Survivors look at the aftermath as flood waters pass through destroyed homes, after a landslide rolled down the slopes of Mt. Elgon through their village in Bududa district, Uganda.

Survivors look at the aftermath as flood waters pass through destroyed homes, after a landslide rolled down the slopes of Mt. Elgon through their village in Bududa district, Uganda.

Reuters

KAMPALA - At least 34 people were killed after a river in eastern Uganda burst its banks, sending thick sludge and rocks barrelling into homes, disaster officials said Friday.

Rescue teams were picking through the rubble, looking for survivors and victims of the disaster which took place on Thursday in the town of Bukalasi in the Bududa district. An unknown number of people were still missing.

"I can confirm 34 people are dead. We have to wait for our assessment to be completed before we can say how many are missing," said Uganda Red Cross spokeswoman Irene Nakasiita.

On Thursday she shared photos on WhatsApp of the scene of what she described as a "massive landslide", including images of dismembered corpses caked in mud laid out by the river. 

Some of the bodies had been partly covered with banana leaves by members of the public. 

"The cause was the river bursting its banks upstream following heavy rain. When the water flowed down it brought a number of big stones with it that destroyed people's houses," Nakasiita said.

"Our search and rescue team is still on the ground evacuating people and removing them from the rubble."

She said the Red Cross was sending relief supplies to the area, such as tarpaulins, blankets and water purification tablets.

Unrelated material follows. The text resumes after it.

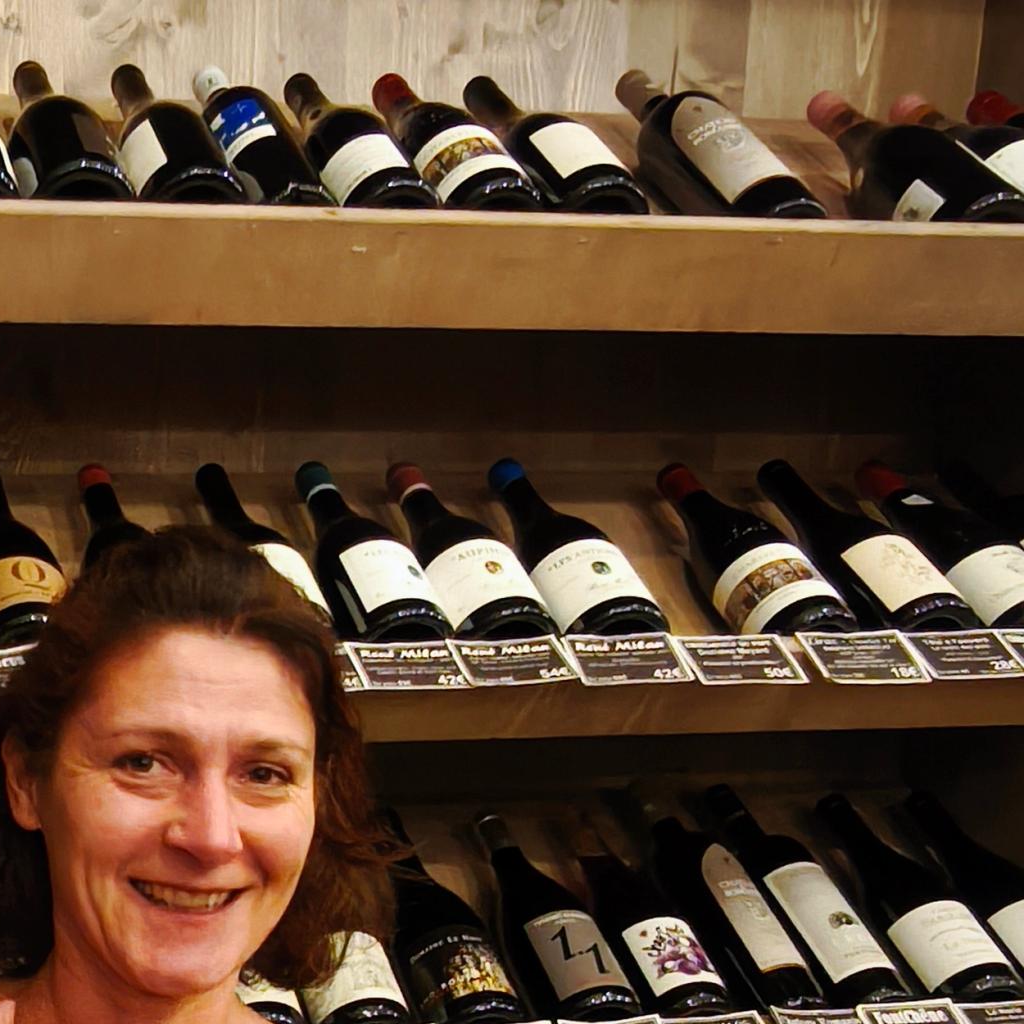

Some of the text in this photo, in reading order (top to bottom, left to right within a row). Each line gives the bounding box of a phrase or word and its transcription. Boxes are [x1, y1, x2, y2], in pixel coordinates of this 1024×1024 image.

[501, 644, 550, 656] Milan
[615, 640, 664, 652] Milan
[652, 667, 682, 679] 42€
[763, 667, 794, 678] 50€
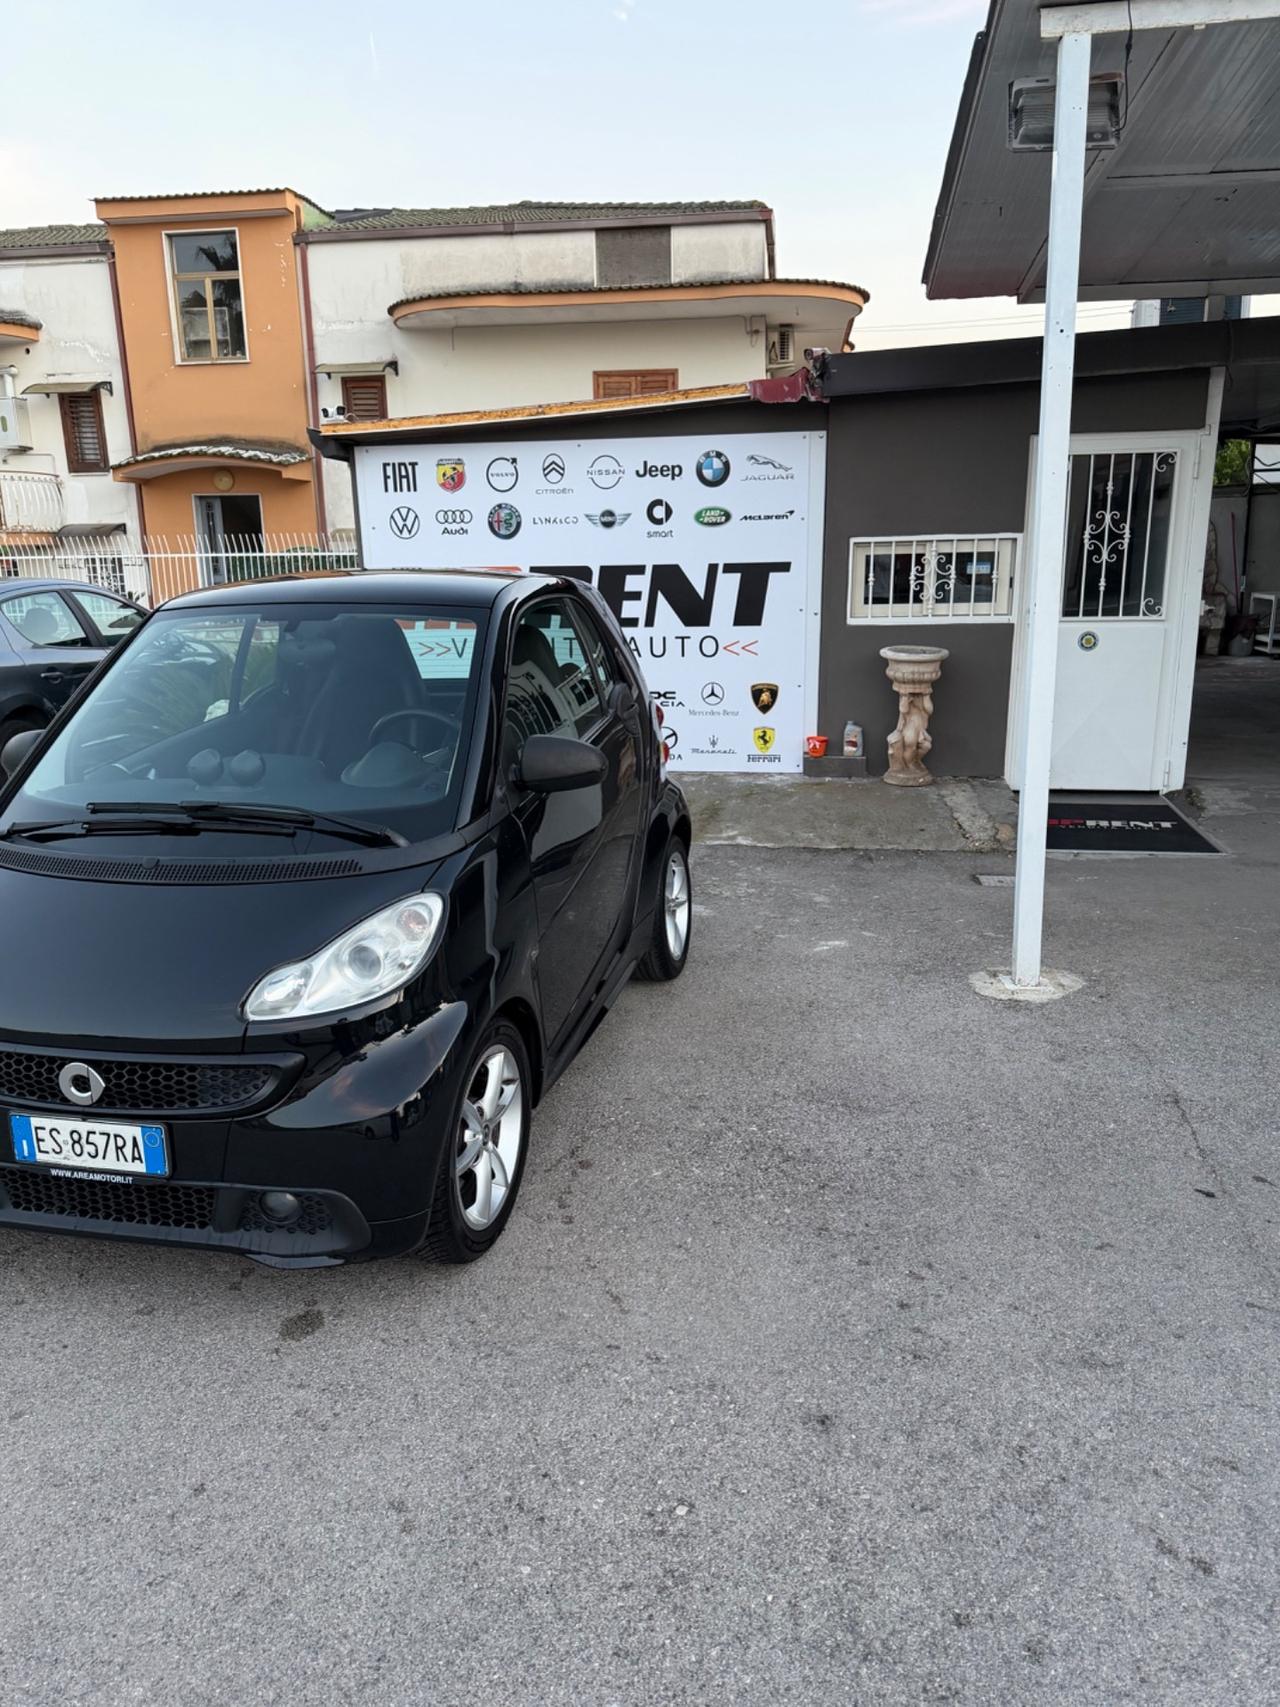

Government meteorologist Godfrey Mujuni said it was the River Sume, a tributary of the River Manafwa, that had burst its banks.

"It's a mountainous region and because of the high altitude and steep slopes even a small amount of rain can trigger landslides. There is no early warning system in that particular area hit yesterday."

"The rains are still coming and the government and NGOs need to keep their preparedness levels high."